== Dataset records ==
↓↓↓

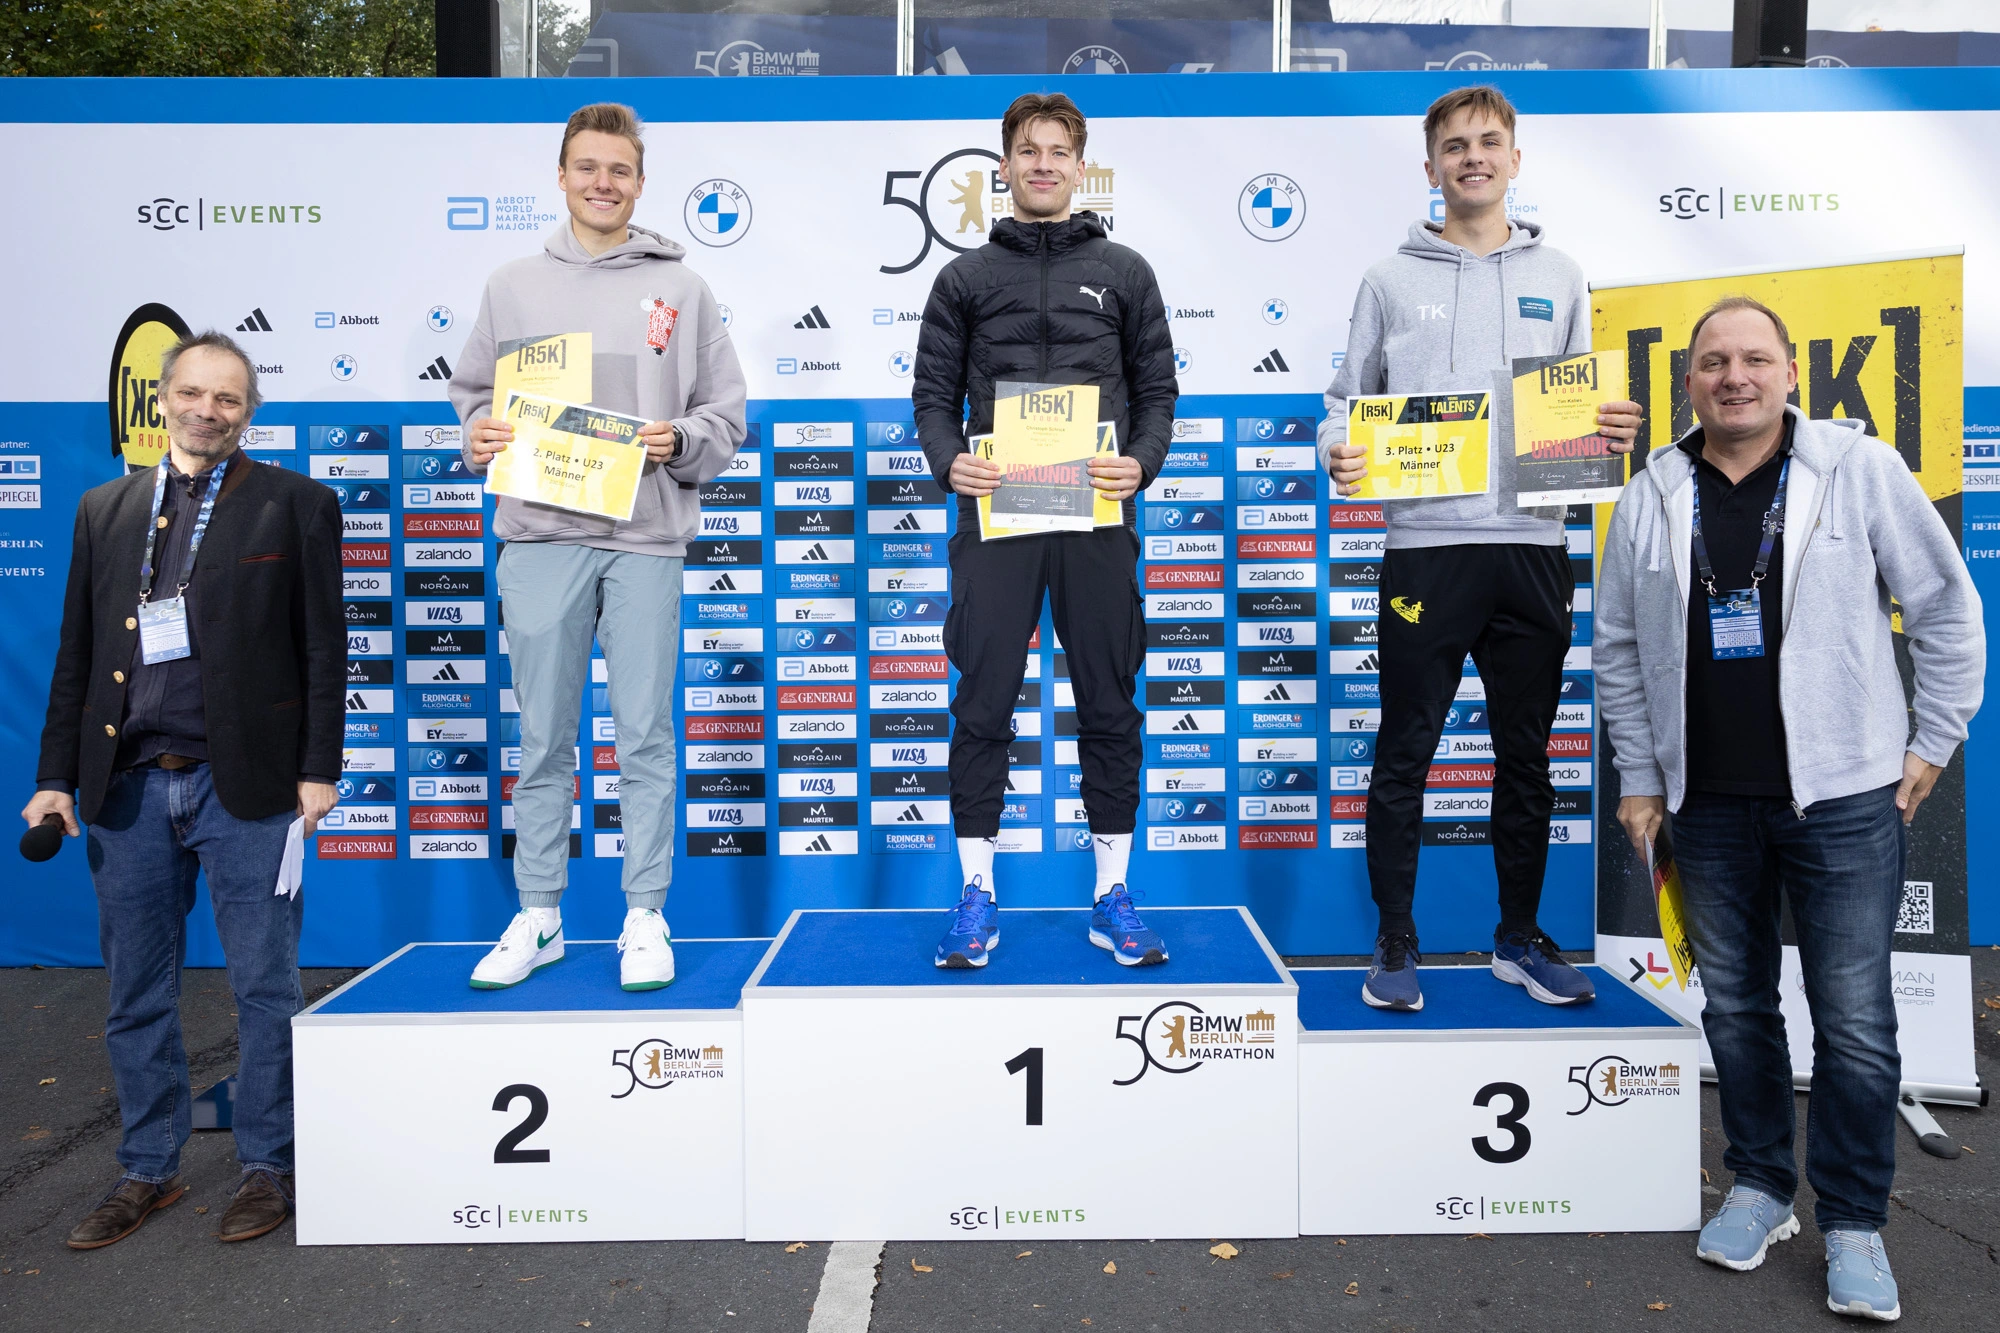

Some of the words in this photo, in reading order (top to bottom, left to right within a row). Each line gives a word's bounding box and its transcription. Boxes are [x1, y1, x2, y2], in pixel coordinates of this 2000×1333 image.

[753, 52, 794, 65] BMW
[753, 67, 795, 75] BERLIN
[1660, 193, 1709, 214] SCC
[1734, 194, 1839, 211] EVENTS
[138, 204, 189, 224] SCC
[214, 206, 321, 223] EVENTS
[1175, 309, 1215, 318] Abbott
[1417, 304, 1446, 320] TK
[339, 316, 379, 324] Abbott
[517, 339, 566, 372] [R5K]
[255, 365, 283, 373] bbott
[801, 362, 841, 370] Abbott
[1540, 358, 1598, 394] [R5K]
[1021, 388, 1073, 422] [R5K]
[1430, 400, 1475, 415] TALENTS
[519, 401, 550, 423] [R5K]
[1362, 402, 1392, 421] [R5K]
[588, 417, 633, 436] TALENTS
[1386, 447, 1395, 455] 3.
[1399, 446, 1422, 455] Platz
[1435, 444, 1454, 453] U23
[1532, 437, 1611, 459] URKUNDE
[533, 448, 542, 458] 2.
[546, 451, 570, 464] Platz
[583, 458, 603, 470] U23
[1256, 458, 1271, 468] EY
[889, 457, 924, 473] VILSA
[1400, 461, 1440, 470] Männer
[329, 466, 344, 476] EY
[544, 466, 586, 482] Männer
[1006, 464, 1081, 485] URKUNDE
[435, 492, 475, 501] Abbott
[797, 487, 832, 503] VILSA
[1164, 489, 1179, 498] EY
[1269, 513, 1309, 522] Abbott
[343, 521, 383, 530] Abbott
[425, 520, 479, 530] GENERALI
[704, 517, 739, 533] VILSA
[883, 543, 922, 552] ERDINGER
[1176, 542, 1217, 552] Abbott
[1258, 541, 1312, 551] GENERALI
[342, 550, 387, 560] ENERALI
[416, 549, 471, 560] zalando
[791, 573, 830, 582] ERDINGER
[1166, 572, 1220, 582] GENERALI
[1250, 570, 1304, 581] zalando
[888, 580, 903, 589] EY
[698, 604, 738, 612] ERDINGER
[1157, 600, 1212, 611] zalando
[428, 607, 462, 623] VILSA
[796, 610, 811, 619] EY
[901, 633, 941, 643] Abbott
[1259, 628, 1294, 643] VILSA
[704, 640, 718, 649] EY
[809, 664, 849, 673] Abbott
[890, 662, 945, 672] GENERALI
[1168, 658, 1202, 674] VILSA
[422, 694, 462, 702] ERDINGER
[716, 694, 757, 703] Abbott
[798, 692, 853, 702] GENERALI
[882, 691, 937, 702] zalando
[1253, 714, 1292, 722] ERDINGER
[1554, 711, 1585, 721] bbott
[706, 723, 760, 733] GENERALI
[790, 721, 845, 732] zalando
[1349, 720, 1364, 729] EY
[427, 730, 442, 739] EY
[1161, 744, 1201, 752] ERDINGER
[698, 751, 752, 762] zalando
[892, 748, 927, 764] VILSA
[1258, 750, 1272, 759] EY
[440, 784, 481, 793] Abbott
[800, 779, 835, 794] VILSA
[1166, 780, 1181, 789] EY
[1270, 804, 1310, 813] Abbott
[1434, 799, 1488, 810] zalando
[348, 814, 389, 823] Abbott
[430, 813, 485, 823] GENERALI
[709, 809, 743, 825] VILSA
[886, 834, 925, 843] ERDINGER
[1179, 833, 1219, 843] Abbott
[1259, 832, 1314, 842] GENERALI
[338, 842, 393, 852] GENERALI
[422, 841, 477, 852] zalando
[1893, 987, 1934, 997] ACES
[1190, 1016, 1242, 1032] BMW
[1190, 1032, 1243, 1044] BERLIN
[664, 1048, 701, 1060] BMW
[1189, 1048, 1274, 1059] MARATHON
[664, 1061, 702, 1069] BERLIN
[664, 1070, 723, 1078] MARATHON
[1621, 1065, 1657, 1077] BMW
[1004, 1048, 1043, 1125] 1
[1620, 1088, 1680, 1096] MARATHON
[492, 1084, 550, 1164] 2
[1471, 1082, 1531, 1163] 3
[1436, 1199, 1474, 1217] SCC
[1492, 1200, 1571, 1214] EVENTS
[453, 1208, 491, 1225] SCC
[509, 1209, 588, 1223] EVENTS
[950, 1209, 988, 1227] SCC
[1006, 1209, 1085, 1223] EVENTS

↑↑↑

== Brief ==
Set out every record exactly, images excluded.

== Written answer ==
Some of the words in this photo, in reading order (top to bottom, left to right within a row). Each line gives a word's bounding box and its transcription. Boxes are [x1, y1, x2, y2], in pixel coordinates of this 2000×1333 image.

[753, 52, 794, 65] BMW
[753, 67, 795, 75] BERLIN
[1660, 193, 1709, 214] SCC
[1734, 194, 1839, 211] EVENTS
[138, 204, 189, 224] SCC
[214, 206, 321, 223] EVENTS
[1175, 309, 1215, 318] Abbott
[1417, 304, 1446, 320] TK
[339, 316, 379, 324] Abbott
[517, 339, 566, 372] [R5K]
[255, 365, 283, 373] bbott
[801, 362, 841, 370] Abbott
[1540, 358, 1598, 394] [R5K]
[1021, 388, 1073, 422] [R5K]
[1430, 400, 1475, 415] TALENTS
[519, 401, 550, 423] [R5K]
[1362, 402, 1392, 421] [R5K]
[588, 417, 633, 436] TALENTS
[1386, 447, 1395, 455] 3.
[1399, 446, 1422, 455] Platz
[1435, 444, 1454, 453] U23
[1532, 437, 1611, 459] URKUNDE
[533, 448, 542, 458] 2.
[546, 451, 570, 464] Platz
[583, 458, 603, 470] U23
[1256, 458, 1271, 468] EY
[889, 457, 924, 473] VILSA
[1400, 461, 1440, 470] Männer
[329, 466, 344, 476] EY
[544, 466, 586, 482] Männer
[1006, 464, 1081, 485] URKUNDE
[435, 492, 475, 501] Abbott
[797, 487, 832, 503] VILSA
[1164, 489, 1179, 498] EY
[1269, 513, 1309, 522] Abbott
[343, 521, 383, 530] Abbott
[425, 520, 479, 530] GENERALI
[704, 517, 739, 533] VILSA
[883, 543, 922, 552] ERDINGER
[1176, 542, 1217, 552] Abbott
[1258, 541, 1312, 551] GENERALI
[342, 550, 387, 560] ENERALI
[416, 549, 471, 560] zalando
[791, 573, 830, 582] ERDINGER
[1166, 572, 1220, 582] GENERALI
[1250, 570, 1304, 581] zalando
[888, 580, 903, 589] EY
[698, 604, 738, 612] ERDINGER
[1157, 600, 1212, 611] zalando
[428, 607, 462, 623] VILSA
[796, 610, 811, 619] EY
[901, 633, 941, 643] Abbott
[1259, 628, 1294, 643] VILSA
[704, 640, 718, 649] EY
[809, 664, 849, 673] Abbott
[890, 662, 945, 672] GENERALI
[1168, 658, 1202, 674] VILSA
[422, 694, 462, 702] ERDINGER
[716, 694, 757, 703] Abbott
[798, 692, 853, 702] GENERALI
[882, 691, 937, 702] zalando
[1253, 714, 1292, 722] ERDINGER
[1554, 711, 1585, 721] bbott
[706, 723, 760, 733] GENERALI
[790, 721, 845, 732] zalando
[1349, 720, 1364, 729] EY
[427, 730, 442, 739] EY
[1161, 744, 1201, 752] ERDINGER
[698, 751, 752, 762] zalando
[892, 748, 927, 764] VILSA
[1258, 750, 1272, 759] EY
[440, 784, 481, 793] Abbott
[800, 779, 835, 794] VILSA
[1166, 780, 1181, 789] EY
[1270, 804, 1310, 813] Abbott
[1434, 799, 1488, 810] zalando
[348, 814, 389, 823] Abbott
[430, 813, 485, 823] GENERALI
[709, 809, 743, 825] VILSA
[886, 834, 925, 843] ERDINGER
[1179, 833, 1219, 843] Abbott
[1259, 832, 1314, 842] GENERALI
[338, 842, 393, 852] GENERALI
[422, 841, 477, 852] zalando
[1893, 987, 1934, 997] ACES
[1190, 1016, 1242, 1032] BMW
[1190, 1032, 1243, 1044] BERLIN
[664, 1048, 701, 1060] BMW
[1189, 1048, 1274, 1059] MARATHON
[664, 1061, 702, 1069] BERLIN
[664, 1070, 723, 1078] MARATHON
[1621, 1065, 1657, 1077] BMW
[1004, 1048, 1043, 1125] 1
[1620, 1088, 1680, 1096] MARATHON
[492, 1084, 550, 1164] 2
[1471, 1082, 1531, 1163] 3
[1436, 1199, 1474, 1217] SCC
[1492, 1200, 1571, 1214] EVENTS
[453, 1208, 491, 1225] SCC
[509, 1209, 588, 1223] EVENTS
[950, 1209, 988, 1227] SCC
[1006, 1209, 1085, 1223] EVENTS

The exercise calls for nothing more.